(EXERCISE): Return the listing exactly as it appears, but strip out the images.

(ENTRIES SUPPLIED):
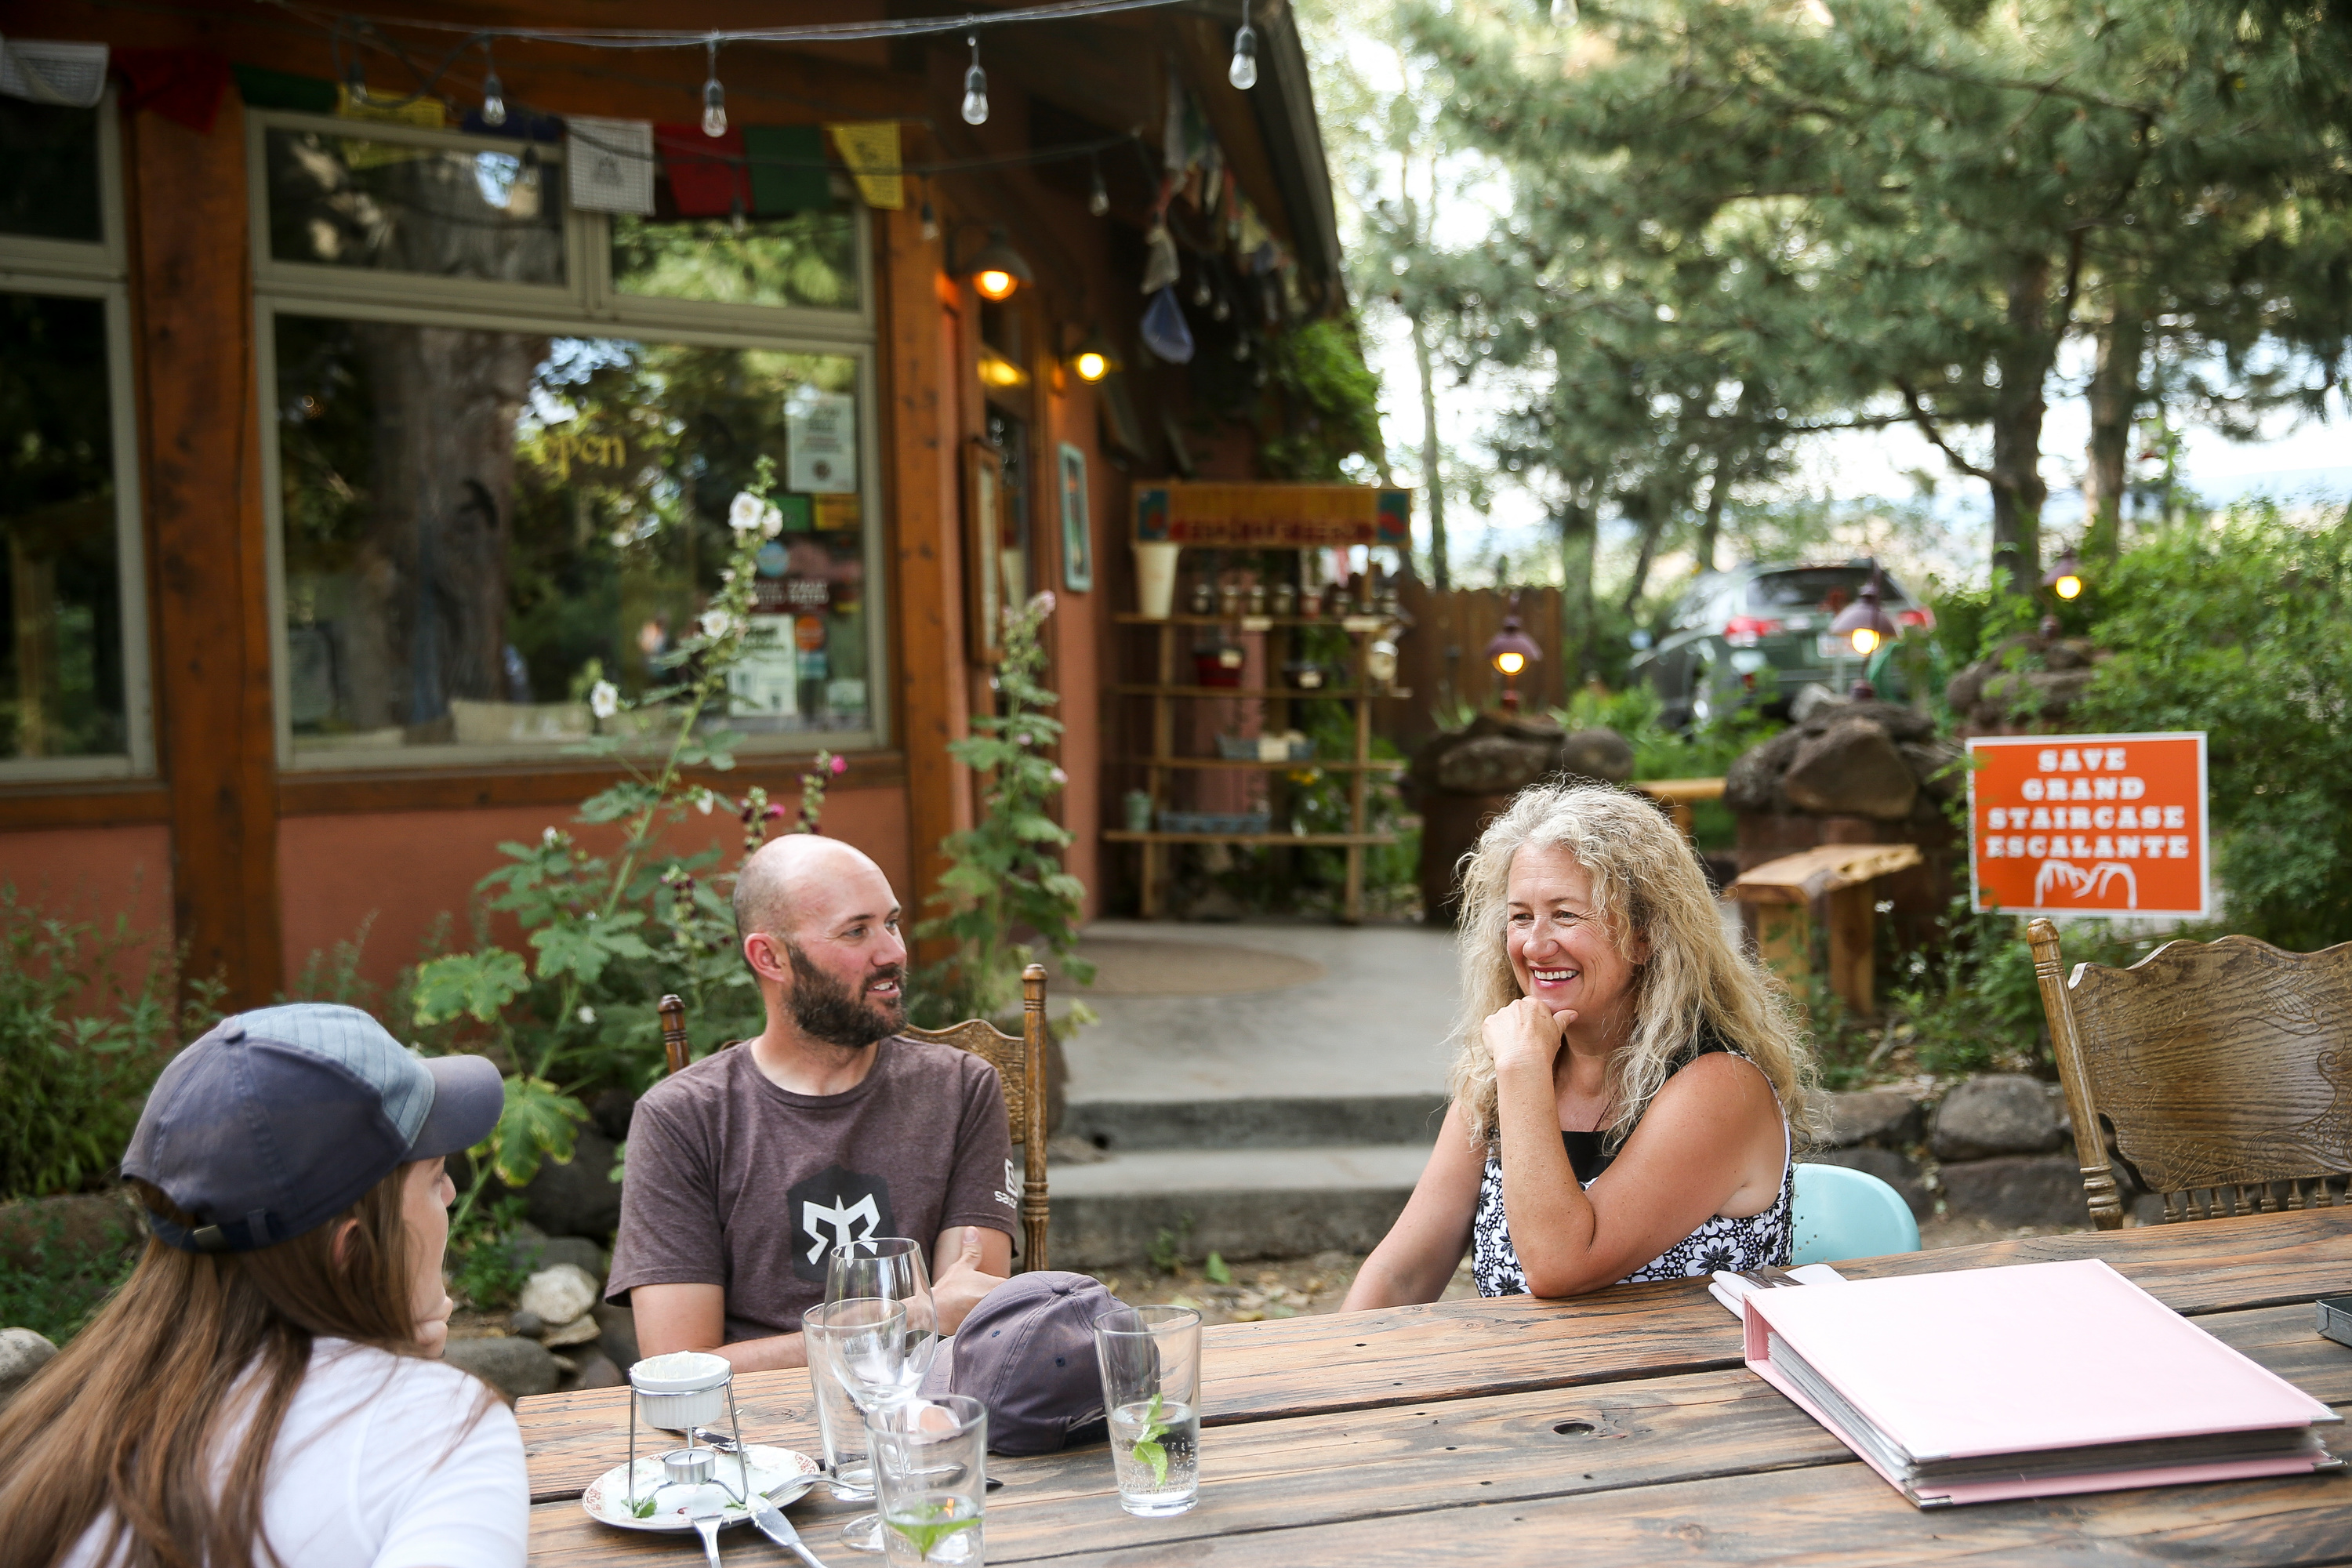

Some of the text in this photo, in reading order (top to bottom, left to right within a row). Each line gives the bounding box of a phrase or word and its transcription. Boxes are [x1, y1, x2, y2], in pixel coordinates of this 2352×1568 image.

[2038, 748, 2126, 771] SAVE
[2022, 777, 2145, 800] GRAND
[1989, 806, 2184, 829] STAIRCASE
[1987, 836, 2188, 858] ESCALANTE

(SOLUTION BELOW):
Some of the text in this photo, in reading order (top to bottom, left to right within a row). Each line gives the bounding box of a phrase or word and its transcription. Boxes are [x1, y1, x2, y2], in pixel coordinates of this 2352×1568 image.

[2038, 748, 2126, 771] SAVE
[2022, 777, 2145, 800] GRAND
[1989, 806, 2184, 829] STAIRCASE
[1987, 836, 2188, 858] ESCALANTE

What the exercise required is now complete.